Indeed, the vast waste and wretchedness that permeate throughout the world are telling legacies of the adult and old order that consume us to this very day. What then is the purpose of life, the film posits, in a world vacated by God?
“#Y” is both a statement and a warning coming not out of the mouth of babes, as it were, but from young lives lived to the fullest of their seemingly limited and limitless experience. George Orwell’s omniscient Big Brother, from the groundbreaking and highly political novel, “1984” (published 1949), appears and disappears like a fleeting “all-seeing eye,” portrayed with surprising turn by the otherwise staid Slater Young, as he scrupulously watches his sibling “ward.” By design, “eye pieces” are literally placed on the set (e.g. Miles’s bedroom), positioned to serve like CCTVs, as if to monitor Miles’s every move and whereabouts. Ironically, that which is consciously being avoided-- even a mere mention (of suicide) -- is that which actually happens to the subject.
Holden Caulfield’s “crazy cliff” in J.D. Salinger’s “The Catcher in the Rye” is mirrored in the ledge of a towering condominium that proclaims its faith in bold, large letters, though only seen from their fringes: IN GOD WE TRUST –partly and oblique, not unlike the unfull faith of the suicidal Miles. The techie selfie replaces the usual suicide note of yesterday, thus transmitting instant video images of the self-destructive act at the very moment of committing it.

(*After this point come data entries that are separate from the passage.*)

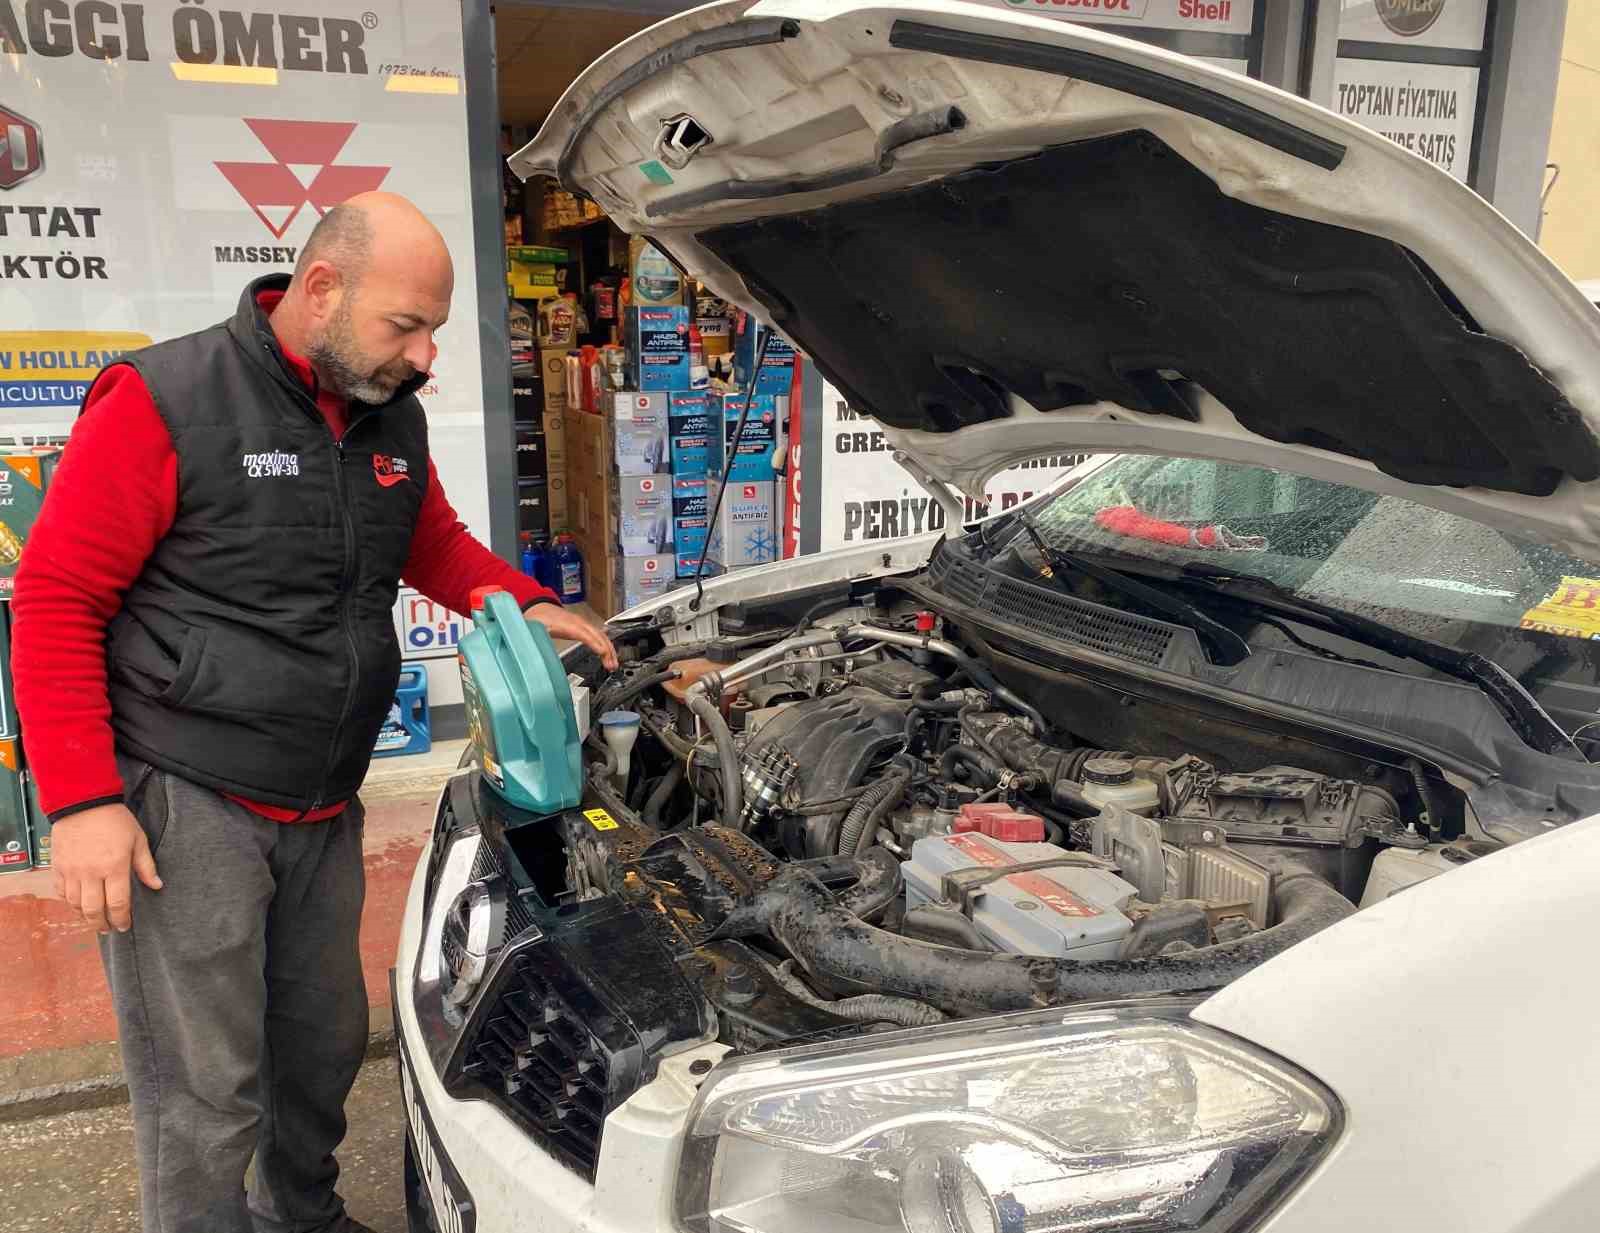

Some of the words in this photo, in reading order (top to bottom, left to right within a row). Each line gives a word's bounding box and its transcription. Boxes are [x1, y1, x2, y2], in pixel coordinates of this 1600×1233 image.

[1178, 0, 1231, 21] Shell
[172, 0, 369, 75] ÖMER
[1338, 84, 1394, 116] TOPTAN
[1397, 80, 1457, 119] FİYATINA
[1418, 133, 1456, 171] SATIŞ
[0, 251, 108, 280] KTÖR
[215, 246, 296, 264] MASSEY
[242, 449, 298, 468] maxima
[264, 464, 299, 477] 5W-30
[409, 622, 458, 648] oil

Departing from Virginia Woolf’s line of not describing the “experience” Santos (through Miles) instead shows suicide as it happens, sharing intense terror that surely would scar family and friends forever.

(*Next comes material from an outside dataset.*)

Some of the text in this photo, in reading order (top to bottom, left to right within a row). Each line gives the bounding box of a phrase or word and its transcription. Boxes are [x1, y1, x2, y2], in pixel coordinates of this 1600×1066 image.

All other references, cinematic or otherwise, in the lushly layered film resonate with the here and now of blank commercialism that characterizes Generation Y. In sum, Santos and Stelton’s “#Y” is a direful indictment of a continuing colonial and colonized mind. Only this time around, the colonizers have become native and are our very own, but make us “foreign” in many ways.
In the end, “the city and generation that grew up knowing nothing else, rendered incapable of understanding anything about themselves or those that surround them” merely perpetuates the pleasure principle, as people remain lost in the quagmire of money and material goods. Gorgeous Kit Thompson’s vigorous masturbation scene, shown half-naked and on triple-split screen, and cut in on his occasional lovemaking, reveals a kind of current energy and mindless ethic at work.
They say the act of suicide is intended to punish someone or some people. In “#Y,” the case or the intended to be punished is not personal per se: rather it’s the entire system—society’s dysfunction and not the individual’s—that Miles is “suiciding” against, and therefore scathingly punishes.
As disaffection and emptiness simply float past in the film, an ancient romantic notion is freely dispelled and deconstructed: Love does not conquer all; death does.